• [Work to complete]: Everything in the records should be repeated exactly.

• [Supplied records]:

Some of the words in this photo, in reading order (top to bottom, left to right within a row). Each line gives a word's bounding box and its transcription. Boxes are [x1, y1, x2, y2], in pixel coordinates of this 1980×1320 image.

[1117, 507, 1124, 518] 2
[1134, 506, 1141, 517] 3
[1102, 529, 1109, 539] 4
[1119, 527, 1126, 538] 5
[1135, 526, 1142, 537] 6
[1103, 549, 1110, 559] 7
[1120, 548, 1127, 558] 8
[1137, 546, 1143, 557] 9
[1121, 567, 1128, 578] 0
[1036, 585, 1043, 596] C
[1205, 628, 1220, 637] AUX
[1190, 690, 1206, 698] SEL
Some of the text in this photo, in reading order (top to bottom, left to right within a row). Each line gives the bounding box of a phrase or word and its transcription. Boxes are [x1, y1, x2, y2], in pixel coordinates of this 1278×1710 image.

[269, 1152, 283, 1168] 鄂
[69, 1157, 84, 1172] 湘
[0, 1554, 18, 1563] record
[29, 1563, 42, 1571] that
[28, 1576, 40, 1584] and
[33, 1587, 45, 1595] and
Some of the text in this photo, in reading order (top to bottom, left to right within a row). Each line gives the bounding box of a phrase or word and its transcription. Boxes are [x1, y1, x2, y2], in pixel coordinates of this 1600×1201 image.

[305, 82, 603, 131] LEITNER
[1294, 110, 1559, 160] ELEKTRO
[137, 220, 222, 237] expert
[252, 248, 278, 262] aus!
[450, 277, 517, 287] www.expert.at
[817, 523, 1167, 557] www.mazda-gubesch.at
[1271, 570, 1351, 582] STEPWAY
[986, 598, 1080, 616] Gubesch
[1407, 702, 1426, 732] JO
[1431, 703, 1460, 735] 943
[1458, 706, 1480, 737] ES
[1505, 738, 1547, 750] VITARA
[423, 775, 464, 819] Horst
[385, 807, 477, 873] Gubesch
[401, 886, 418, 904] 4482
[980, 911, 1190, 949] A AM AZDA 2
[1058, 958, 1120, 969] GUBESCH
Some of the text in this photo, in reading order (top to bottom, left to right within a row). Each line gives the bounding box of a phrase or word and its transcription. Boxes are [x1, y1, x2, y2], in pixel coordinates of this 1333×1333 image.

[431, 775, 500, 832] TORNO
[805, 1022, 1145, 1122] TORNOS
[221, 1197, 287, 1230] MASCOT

• [Exercise answer]:
Some of the words in this photo, in reading order (top to bottom, left to right within a row). Each line gives a word's bounding box and its transcription. Boxes are [x1, y1, x2, y2], in pixel coordinates of this 1980×1320 image.

[1117, 507, 1124, 518] 2
[1134, 506, 1141, 517] 3
[1102, 529, 1109, 539] 4
[1119, 527, 1126, 538] 5
[1135, 526, 1142, 537] 6
[1103, 549, 1110, 559] 7
[1120, 548, 1127, 558] 8
[1137, 546, 1143, 557] 9
[1121, 567, 1128, 578] 0
[1036, 585, 1043, 596] C
[1205, 628, 1220, 637] AUX
[1190, 690, 1206, 698] SEL
Some of the text in this photo, in reading order (top to bottom, left to right within a row). Each line gives the bounding box of a phrase or word and its transcription. Boxes are [x1, y1, x2, y2], in pixel coordinates of this 1278×1710 image.

[269, 1152, 283, 1168] 鄂
[69, 1157, 84, 1172] 湘
[0, 1554, 18, 1563] record
[29, 1563, 42, 1571] that
[28, 1576, 40, 1584] and
[33, 1587, 45, 1595] and
Some of the text in this photo, in reading order (top to bottom, left to right within a row). Each line gives the bounding box of a phrase or word and its transcription. Boxes are [x1, y1, x2, y2], in pixel coordinates of this 1600×1201 image.

[305, 82, 603, 131] LEITNER
[1294, 110, 1559, 160] ELEKTRO
[137, 220, 222, 237] expert
[252, 248, 278, 262] aus!
[450, 277, 517, 287] www.expert.at
[817, 523, 1167, 557] www.mazda-gubesch.at
[1271, 570, 1351, 582] STEPWAY
[986, 598, 1080, 616] Gubesch
[1407, 702, 1426, 732] JO
[1431, 703, 1460, 735] 943
[1458, 706, 1480, 737] ES
[1505, 738, 1547, 750] VITARA
[423, 775, 464, 819] Horst
[385, 807, 477, 873] Gubesch
[401, 886, 418, 904] 4482
[980, 911, 1190, 949] A AM AZDA 2
[1058, 958, 1120, 969] GUBESCH
Some of the text in this photo, in reading order (top to bottom, left to right within a row). Each line gives the bounding box of a phrase or word and its transcription. Boxes are [x1, y1, x2, y2], in pixel coordinates of this 1333×1333 image.

[431, 775, 500, 832] TORNO
[805, 1022, 1145, 1122] TORNOS
[221, 1197, 287, 1230] MASCOT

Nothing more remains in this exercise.